Amidst hungry walkers and happy families, friendly dogs and kids with salt in their hair, I ask for a table – they don’t take reservations in the summer months. “Are you okay to sit outside?” I am asked, quite redundantly. The terrace overlooks the water and I sit mesmerized until another waiter’s polite request surprises me. I get my bearings and order the local Palmers Gold, brewed on the road in Bridport since 1794. The man at the next table congratulates me on my choice and, after exchanging cheers, I understand why – it’s the perfect beer after a long walk, a sweet and rich reward.
The same man offers me to choose the plowman for lunch. He’s had it every year since he started coming here five years ago. But, as a vegetable, I choose the aubergine and hummus baguette. It’s excellent too – fresh and filling. If I return, I might try the Pizzeria on the Cobbles: the pub’s old boathouse has been redone as the Seatown Slice for those who can’t fit inside.

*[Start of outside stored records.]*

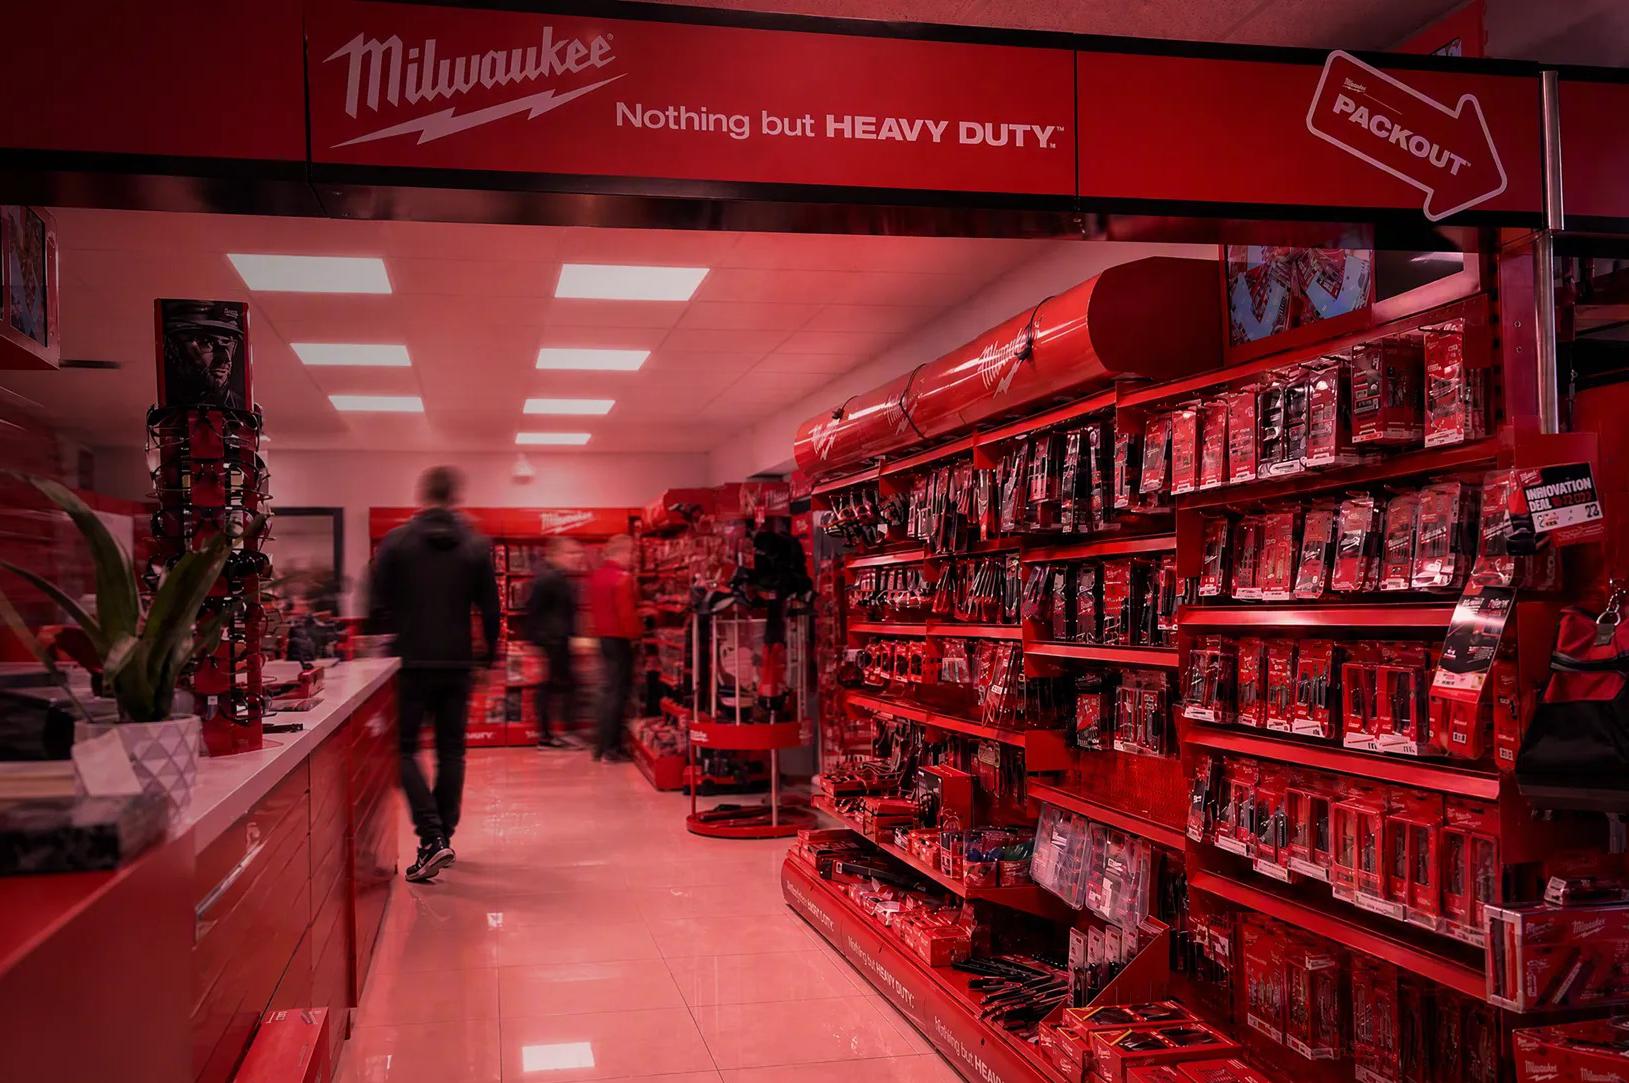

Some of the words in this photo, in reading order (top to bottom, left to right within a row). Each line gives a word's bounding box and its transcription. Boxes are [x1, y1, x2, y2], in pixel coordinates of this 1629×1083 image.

[322, 26, 616, 119] Milwaukee
[615, 102, 750, 139] Nothing
[761, 110, 815, 137] but
[826, 114, 949, 143] HEAVY
[875, 961, 896, 989] HEAVY
[960, 1042, 974, 1067] but

After eating, I hop onto the sloping cliff garden benches for another Palmers. A beer garden in London can mean metal tables and chairs in a car park. Here, foxtail dances in the breeze, clouds tickle the tip of Cap d’Or, the waves stun with calm. As I empty my pint, I check my phone and realize I missed the Chideock bus. I’ve never been so happy to waste an hour.
Each room at the Anchor Inn has a king-size bed, a private bathroom and a sea view. But book well in advance: there are only three. If you’re unlucky, there’s the Golden Cap Holiday Park, less than a minute’s walk away, with caravans, lodges and the like.